L'histoire nous place au cœur de la concurrence féroce opposant deux constructeurs automobiles, le challenger ambitieux Tiger Car et la grande compagnie établie Yamamoto. L'objet de leur affrontement symbolise également cette mue sociale à lancer le premier coupé sport au Japon. L'essor économique et technologique du pays amène un règne des apparences qui éclipse la voiture familiale au profit du coupé sport, plus moderne, rapide et tape à l'œil. Le film s'ouvre sur le test secret qu'effectue Tiger Car de son modèle Pioneer mais des journalistes en embuscade photographie la sortie de route du véhicule et publient les images. Rapidement le chef de division Onoda (Hideo Katamatsu) constate des fuites internes profitant à la concurrence de Yamamoto qui lance un prototype curieusement similaire. Dès lors tous les coups sont permis dans une glaçante guerre d'espionnage industriel.

Masumura nous dépeint tout d'abord le jeu de pouvoir pyramidal à la japonaise, où tout se joue à l'ancienneté et où il faut savoir attendre son heure. Les stratégies partent ainsi des jeunes loups menés par Onoda et remontent des cadres vieillissant pour arriver jusqu'au patron malade et sous perfusion qui donnera sa validation. La réussite commerciale du projet et la motivation de chacun relève donc de la théorie du "ruissellement" qui coule vicieusement jusqu'à la vie intime des salariés. Onoda promet ainsi à son bras droit Asahina (Jiro Tamiya) de faire de lui son chef d'équipe en cas de succès, et ce dernier promet à sa petite amie hôtesse de bar (Junko Kano) d'avoir les moyens de l'épouser si elle soutire des informations aux employés Yamamoto qui consomment dans son établissement.
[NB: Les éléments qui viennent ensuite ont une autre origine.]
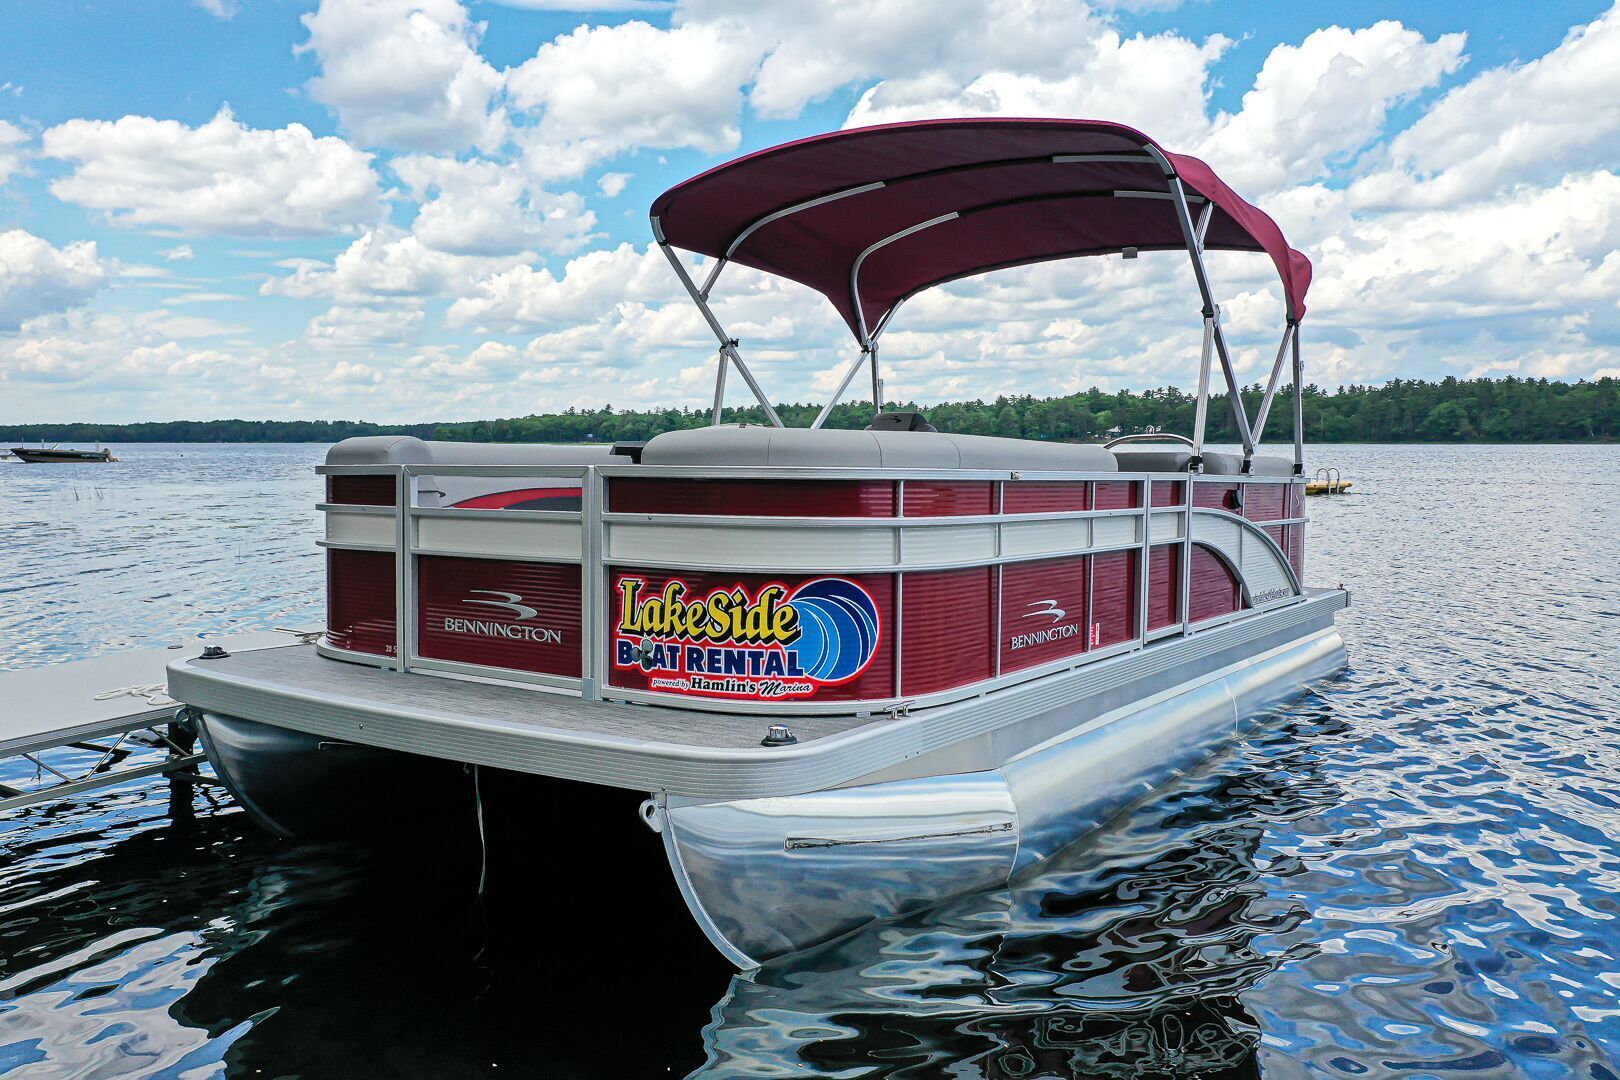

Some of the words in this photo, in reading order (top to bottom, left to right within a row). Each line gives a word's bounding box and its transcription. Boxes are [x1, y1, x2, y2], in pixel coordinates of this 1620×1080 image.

Chaque camp à sa taupe chez l'adversaire et tout le film est une haletante partie d'échec d'espionnage industriel où le gagnant sortira son produit le premier, avec les meilleures caractéristiques techniques et commerciales en étant renseignés des mouvements de l'autre. C'est à la fois un film noir et un film d'espionnage au vu des méthodes de chacun. Le chef de Yamamoto est Mawatari (Kichijirô Ueda), ancien agent secret de l'Armée Impériale avec les méthodes sous-terraines sournoises qui vont avec, toujours invisibles et dont on ne constate les effets dévastateurs que trop tard. Onoda représente donc en quelque sorte la jeunesse aux dents longues et la modernité qui va devoir aller plus loin pour triompher de son aîné. 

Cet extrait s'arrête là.